Work instructions =
Produce an exact transcription of the data, with the images left out.

(Image-backed grounding data)
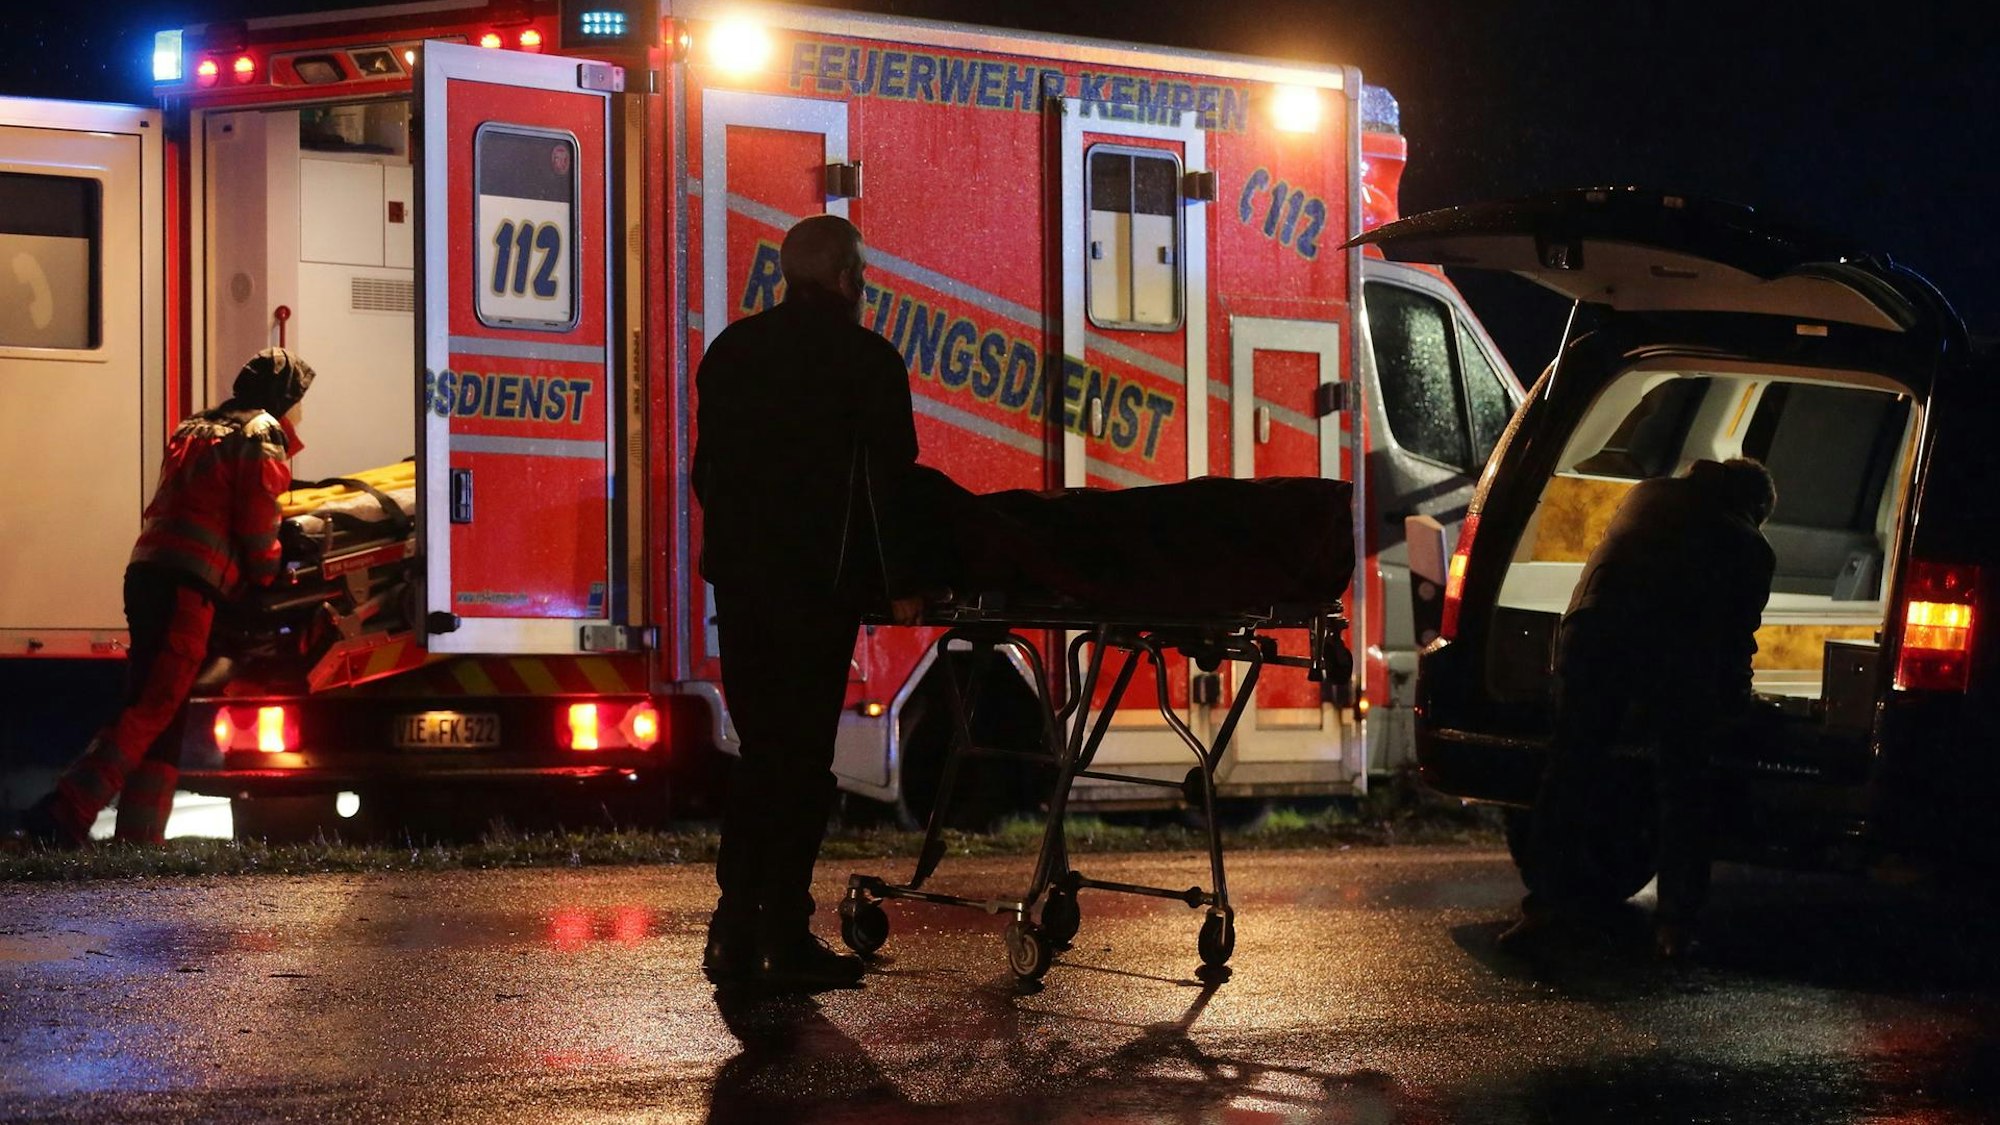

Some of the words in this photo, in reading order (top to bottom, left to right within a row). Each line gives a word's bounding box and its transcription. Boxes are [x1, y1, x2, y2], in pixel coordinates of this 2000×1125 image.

[790, 41, 1066, 116] FEUERWEHR
[1078, 71, 1249, 133] KEMPEN
[492, 218, 561, 298] 112
[1262, 179, 1327, 262] 112
[740, 238, 1176, 460] RUNGSDIENST
[396, 718, 426, 743] VIE
[438, 718, 462, 743] FK
[464, 717, 494, 743] 522
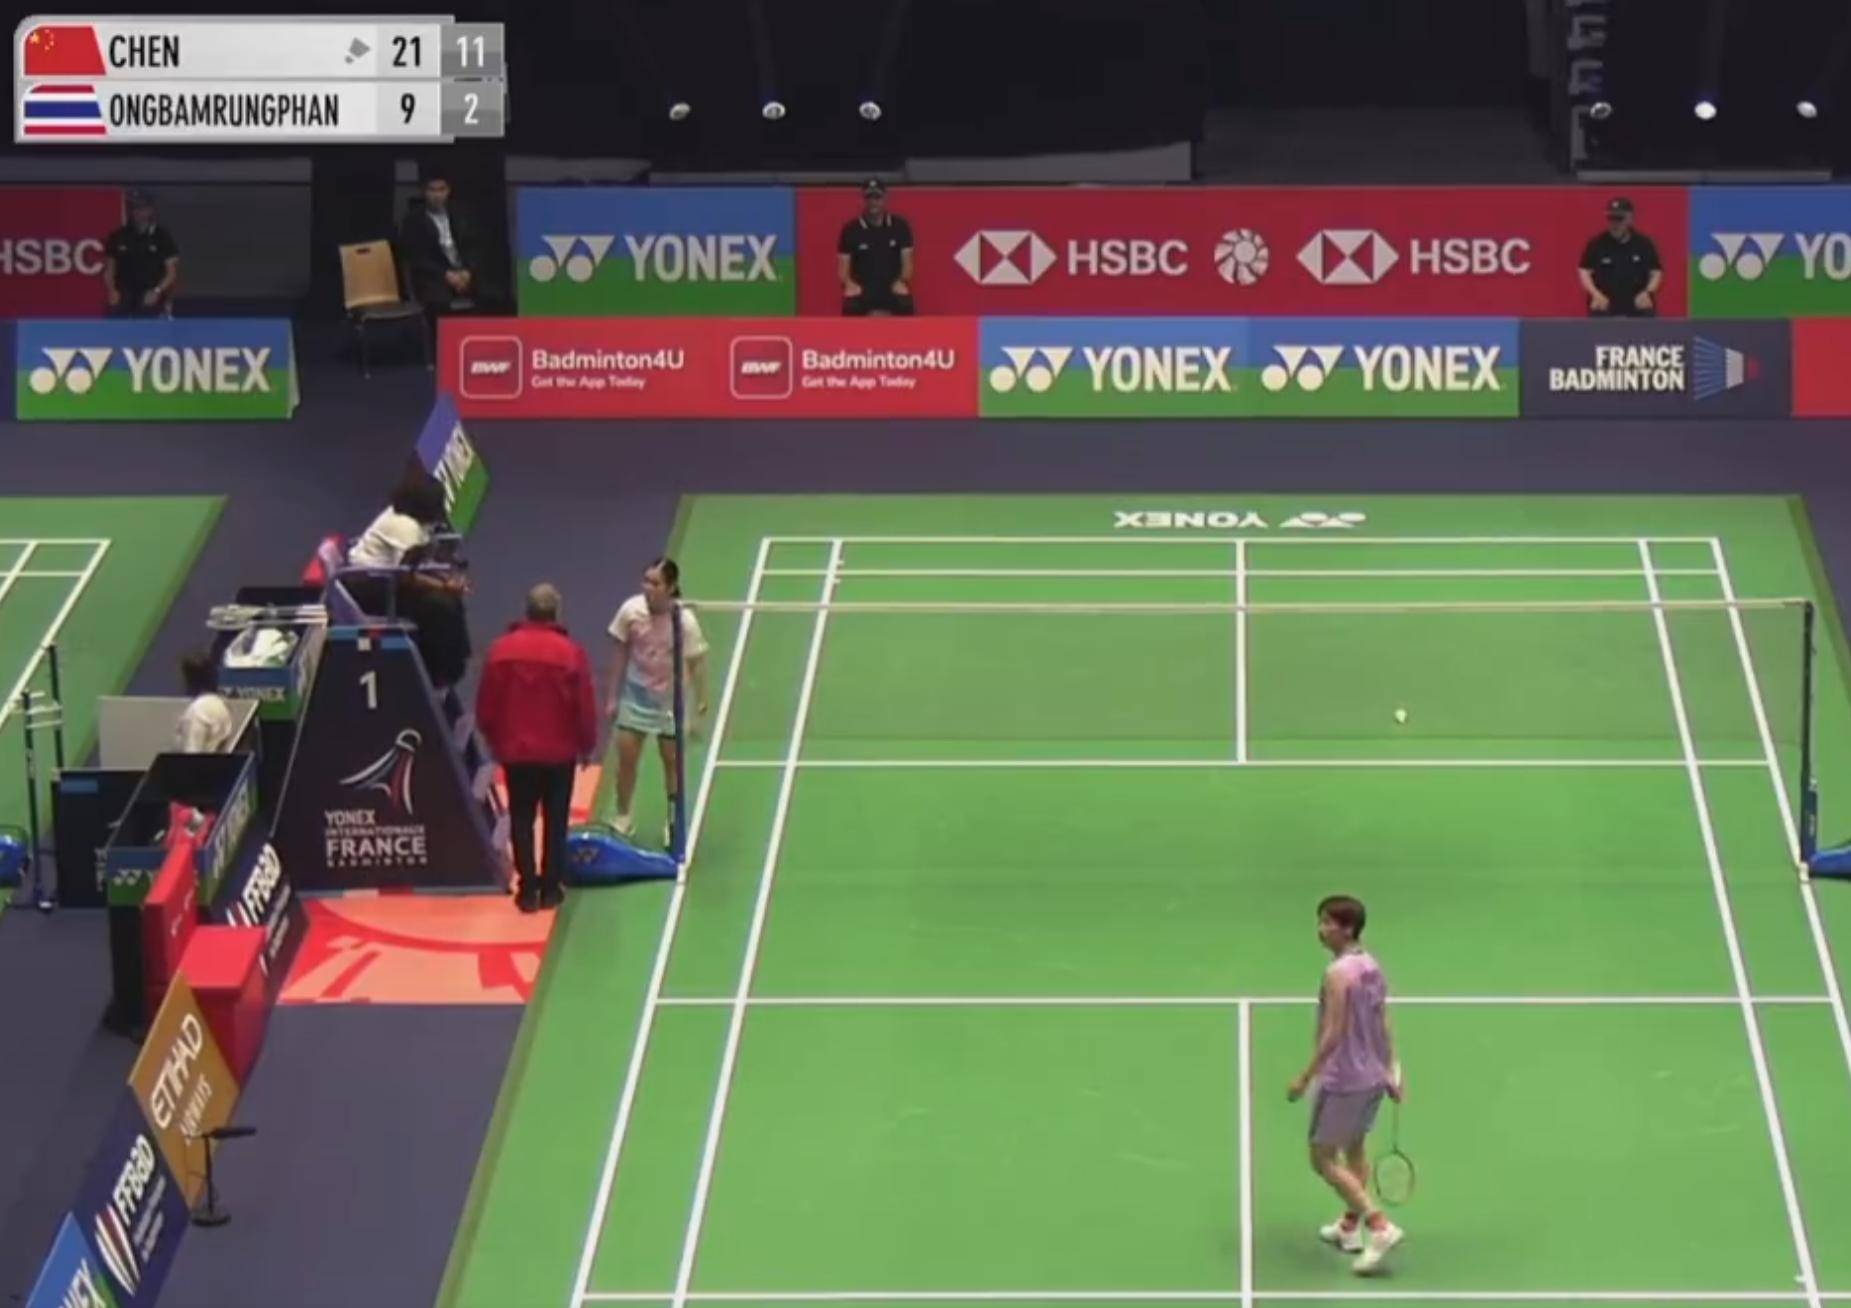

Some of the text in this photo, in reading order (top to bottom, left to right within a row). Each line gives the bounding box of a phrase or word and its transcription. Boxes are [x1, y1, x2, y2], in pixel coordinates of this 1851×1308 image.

[624, 234, 778, 282] YONEX
[1067, 239, 1188, 276] HSBC
[1410, 239, 1531, 275] HSBC
[532, 349, 684, 369] Badminton4U
[802, 349, 954, 369] Badminton4U
[1596, 345, 1684, 367] FRANCE
[122, 347, 271, 393] YONEX
[1084, 346, 1232, 391] YONEX
[1354, 345, 1501, 391] YONEX
[1550, 368, 1684, 391] BADMINTON
[532, 376, 646, 389] Get the App Today
[802, 376, 917, 389] Get the App Today
[1113, 511, 1269, 529] YONEX
[359, 671, 378, 709] 1
[325, 809, 376, 825] YONEX
[326, 837, 427, 857] FRANCE
[152, 1013, 203, 1130] ETIHAD
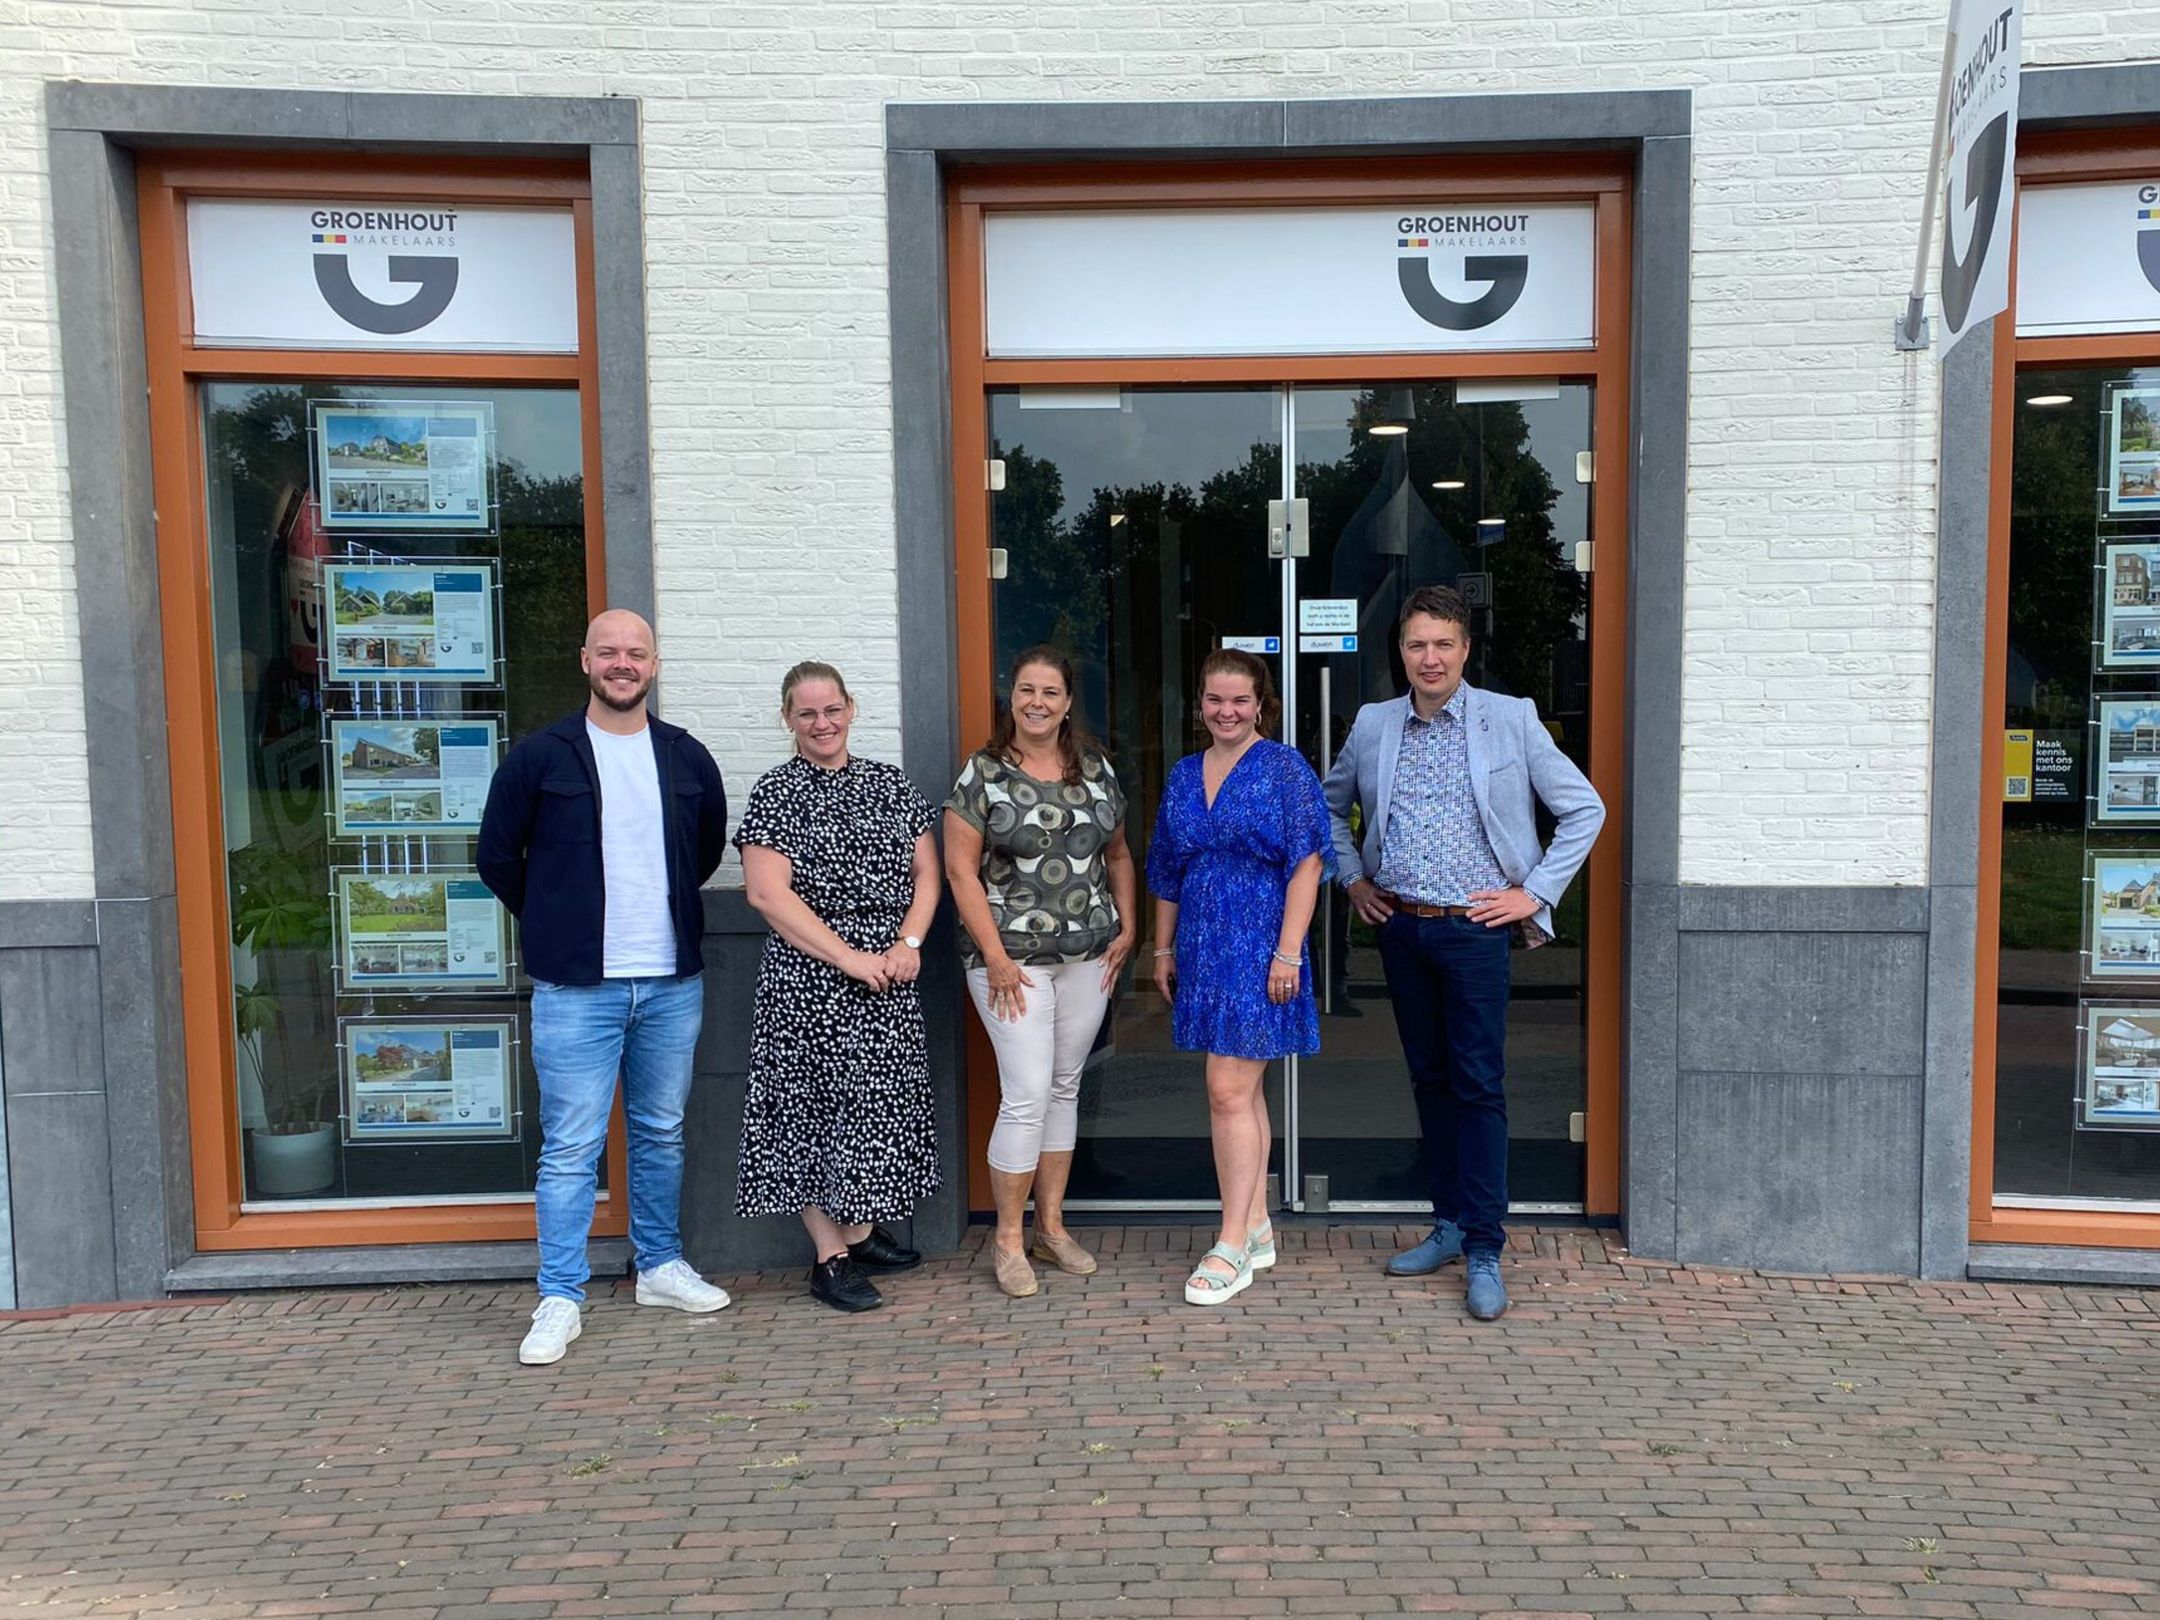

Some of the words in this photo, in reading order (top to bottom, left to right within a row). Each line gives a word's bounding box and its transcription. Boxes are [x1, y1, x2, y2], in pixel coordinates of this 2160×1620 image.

[311, 211, 457, 231] GROENHOUT
[1398, 215, 1529, 234] GROENHOUT
[353, 235, 456, 247] MAKELAARS
[1435, 236, 1527, 247] MAKELAARS
[2036, 740, 2062, 748] Maak
[2036, 748, 2067, 756] kennis
[2035, 764, 2072, 772] kantoor

Result below =
Some of the words in this photo, in reading order (top to bottom, left to right within a row). Each line gives a word's bounding box and its transcription. Boxes are [x1, y1, x2, y2], in pixel coordinates of this 2000×1125 image.

[790, 41, 1066, 116] FEUERWEHR
[1078, 71, 1249, 133] KEMPEN
[492, 218, 561, 298] 112
[1262, 179, 1327, 262] 112
[740, 238, 1176, 460] RUNGSDIENST
[396, 718, 426, 743] VIE
[438, 718, 462, 743] FK
[464, 717, 494, 743] 522

Some of the text in this photo, in reading order (top to bottom, left to right within a row). Each line gives the bounding box of a phrase or word and its transcription. Boxes are [x1, y1, x2, y2], in pixel coordinates of this 1851×1308 image.

[624, 234, 778, 282] YONEX
[1067, 239, 1188, 276] HSBC
[1410, 239, 1531, 275] HSBC
[532, 349, 684, 369] Badminton4U
[802, 349, 954, 369] Badminton4U
[1596, 345, 1684, 367] FRANCE
[122, 347, 271, 393] YONEX
[1084, 346, 1232, 391] YONEX
[1354, 345, 1501, 391] YONEX
[1550, 368, 1684, 391] BADMINTON
[532, 376, 646, 389] Get the App Today
[802, 376, 917, 389] Get the App Today
[1113, 511, 1269, 529] YONEX
[359, 671, 378, 709] 1
[325, 809, 376, 825] YONEX
[326, 837, 427, 857] FRANCE
[152, 1013, 203, 1130] ETIHAD

Some of the words in this photo, in reading order (top to bottom, left to right within a row). Each line gives a word's bounding box and its transcription. Boxes are [x1, y1, x2, y2], in pixel coordinates of this 2160×1620 image.

[311, 211, 457, 231] GROENHOUT
[1398, 215, 1529, 234] GROENHOUT
[353, 235, 456, 247] MAKELAARS
[1435, 236, 1527, 247] MAKELAARS
[2036, 740, 2062, 748] Maak
[2036, 748, 2067, 756] kennis
[2035, 764, 2072, 772] kantoor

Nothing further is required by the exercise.